Członkowie Platformy Obywatelskiej dostają szczękościsku na myśl o Ludwiku Dornie, byłym pośle PiS, a obecnie Solidarnej Polski. Tym samym, który wsławił się ukuciem dwóch nowych słów: "wykształciuchy" i "łże-elity". Za co nie lubią Dorna? Ano, za takie między innymi teksty:

  • "Czy jest tak, że my wszyscy tutaj, włącznie z marszałkiem Borowskim, robimy wszystko dobrze, a przychodzą jakieś złośliwe skrzaty i siusiają do sejmowego mleka, do ustaw, które kisną?" - odpowiedź na pytanie o opóźnienia w pracy nad podwyżkami dla służby zdrowia.
  • "Ja się najbardziej troskam pielęgniarkami, a nie lekarzami, bo »pokaż, lekarzu, co masz w garażu«" - na konferencji prasowej poświęconej sytuacji w służbie zdrowia.
  • "Jeżeli wystąpi i będzie się nasilać niebezpieczeństwo dla obywateli, istnieje możliwość brania lekarzy w kamasze" - konferencja prasowa.

Wszyscy, łącznie z partyjnymi kolegami, mają długie zęby na Joannę Senyszyn z SLD. Fakt, że nie oszczędza ona nikogo:

  • "A mogło być tak pięknie. Zabrakło ongiś jednego, małego plemniczka. Gdyby w swoim czasie pani Jadwiga z Jasiewiczów Kaczyńska powiła była trojaczki, nie byłoby problemu. Metropolitą warszawskim zostałby Trzeci Brat" - po rezygnacji abp. Wielgusa z funkcji metropolity warszawskiego.
  • "Dla polityki byłoby dużo lepiej, gdyby Ziobro został księdzem. Obawiam się jednak, że terroryzowałby wiernych z ambony. Pewnie też nie dawałby rozgrzeszeń, węszył i szukał grzeszników, przesłuchiwał na spowiedzi. Zaś na plebanii zrobiłby areszt wydobywczy..." - wypowiedź dla "Super Expressu".
  • "Jarosław Kaczyński traktuje trumnę Lecha niczym Piłsudski Kasztankę. Chce na niej wjechać do prezydenckiego pałacu" - blog posłanki.
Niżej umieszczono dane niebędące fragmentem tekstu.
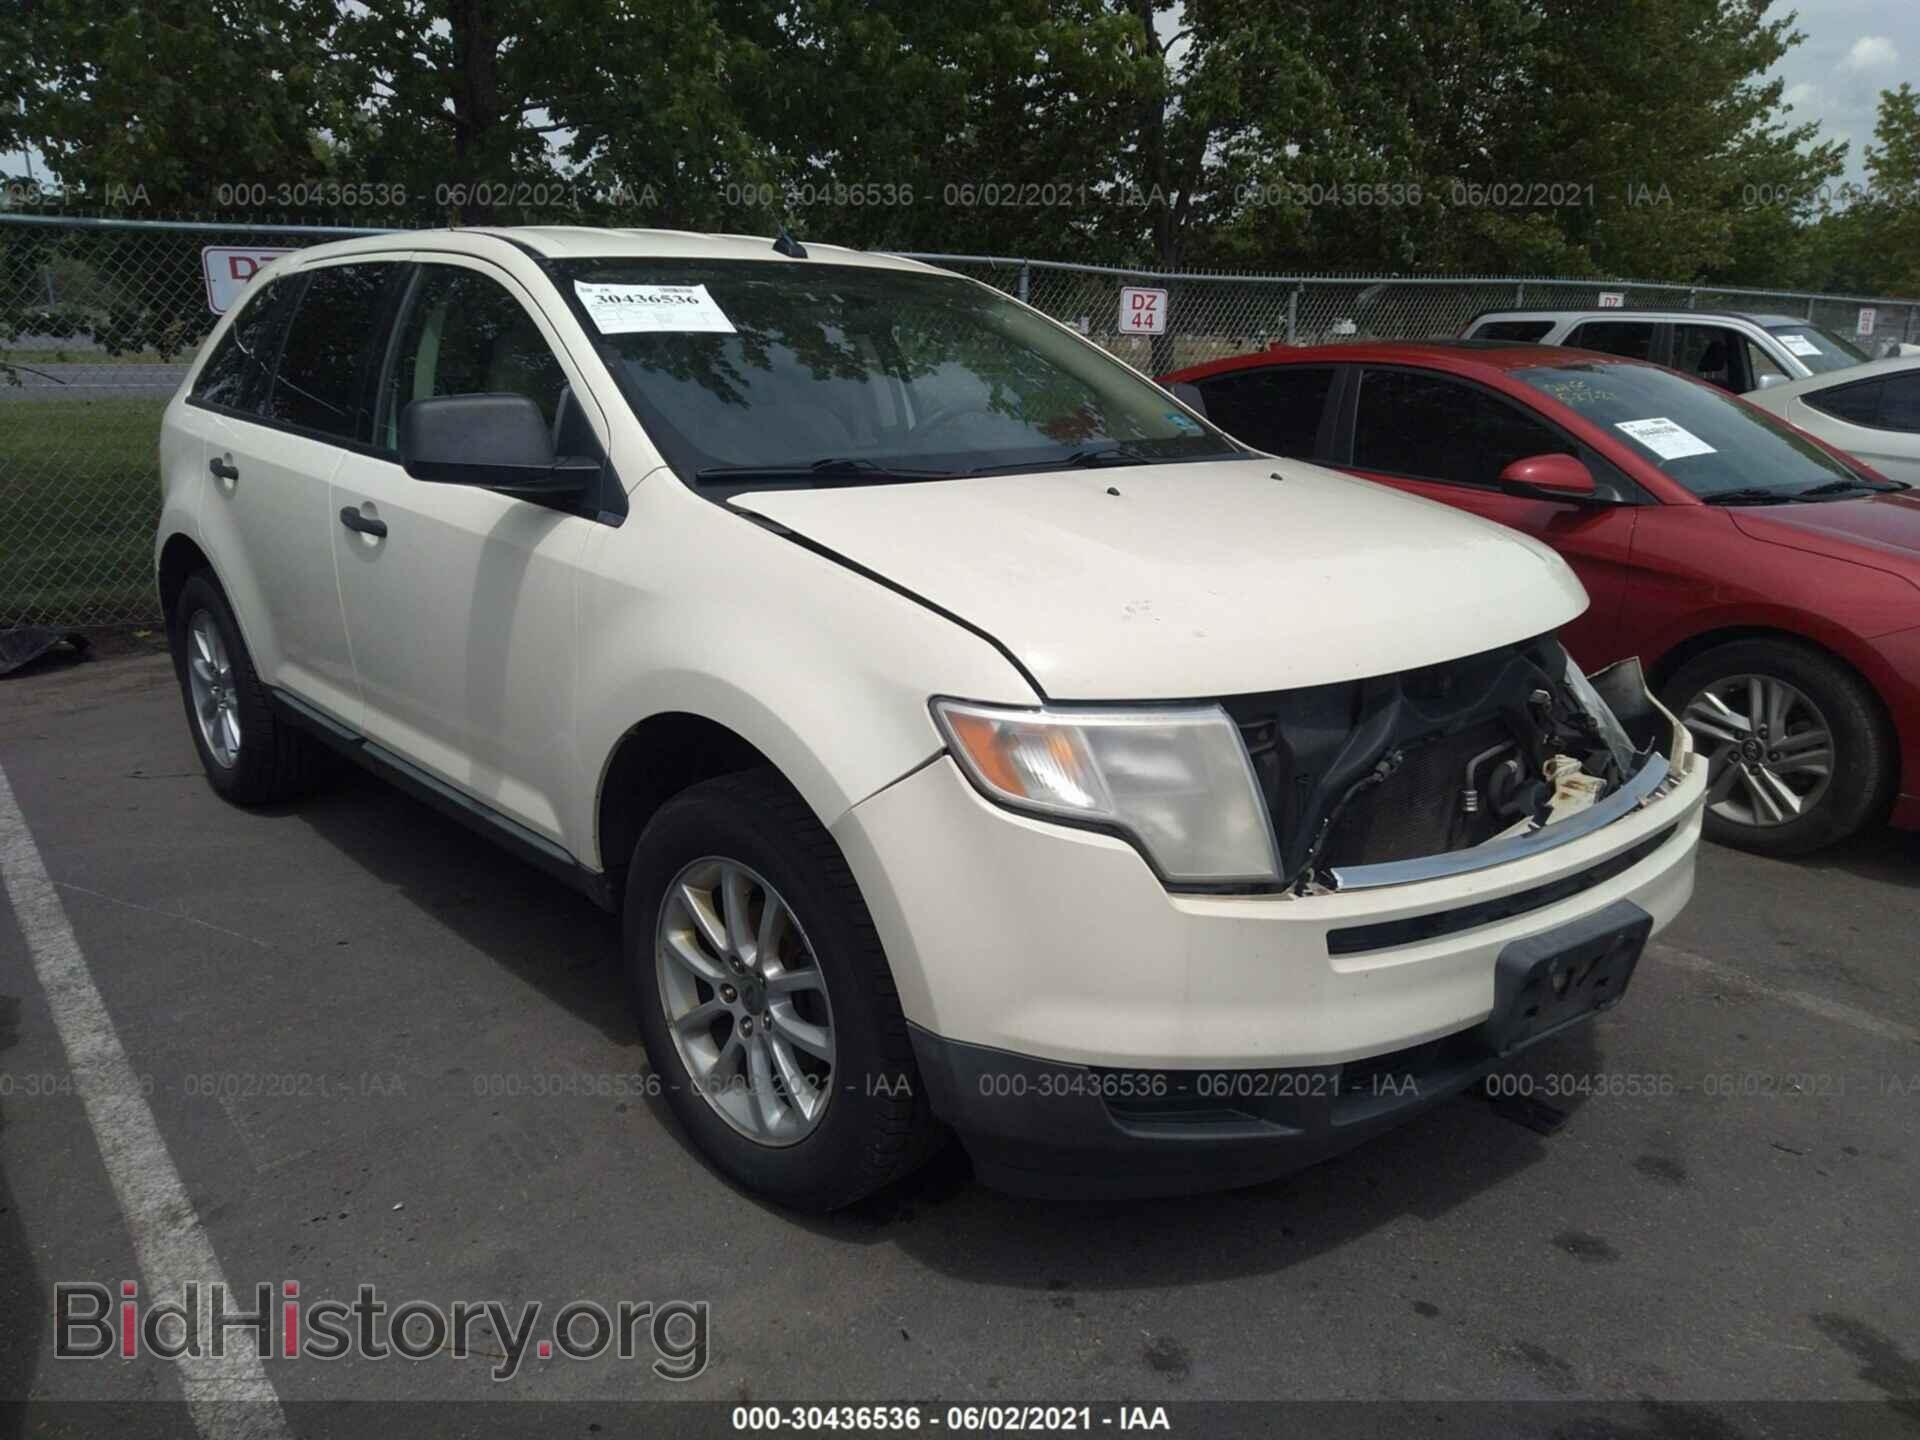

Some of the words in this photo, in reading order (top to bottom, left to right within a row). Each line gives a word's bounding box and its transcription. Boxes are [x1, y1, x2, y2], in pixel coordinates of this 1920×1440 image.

[595, 294, 700, 304] 30436536
[1132, 294, 1157, 311] DZ
[1132, 312, 1154, 328] 44
Gdyby dobrze poszukać, nietrudno byłoby znaleźć więcej takich, i znacznie mocniejszych, cytatów. Coraz wyraźniej widać, że nie tylko niektórzy celebryci, ale także politycy budują swoją karierę na szokowaniu wyborców. Jak Janusz Palikot, choć on nie poprzestaje na słownych happeningach.

Obawiam się, że nie da się wytyczyć granicy między błyskotliwą wypowiedzią a chamską odzywką. Bo, Bogiem a prawdą, to, co dla jednych jest chamstwem, innych bawi do łez. I choćby z tego powodu jestem spokojna o Wojewódzkiego i Figurskiego. Niedługo się pojawią - jeśli nie w"Porannym WF", to w "Wieczornej przebieżce" lub "Popołudniowym aerobiku". Bo niewątpliwie żaden z nich Ukraińców nie chciał obrazić. Raczej "prawdziwego Polaka". I jeśli mam im coś za złe, to fakt, że przyłączyli się do chóru krzyczącego, że my, Polacy, en masse, jesteśmy rasistami, ksenofobami, antysemitami i tak dalej. Bo mam już dość wtłaczania mnie w ramy "prawdziwego Polaka" piszącego na murze: "rzydzi do gazu" (ortografia oryginalna).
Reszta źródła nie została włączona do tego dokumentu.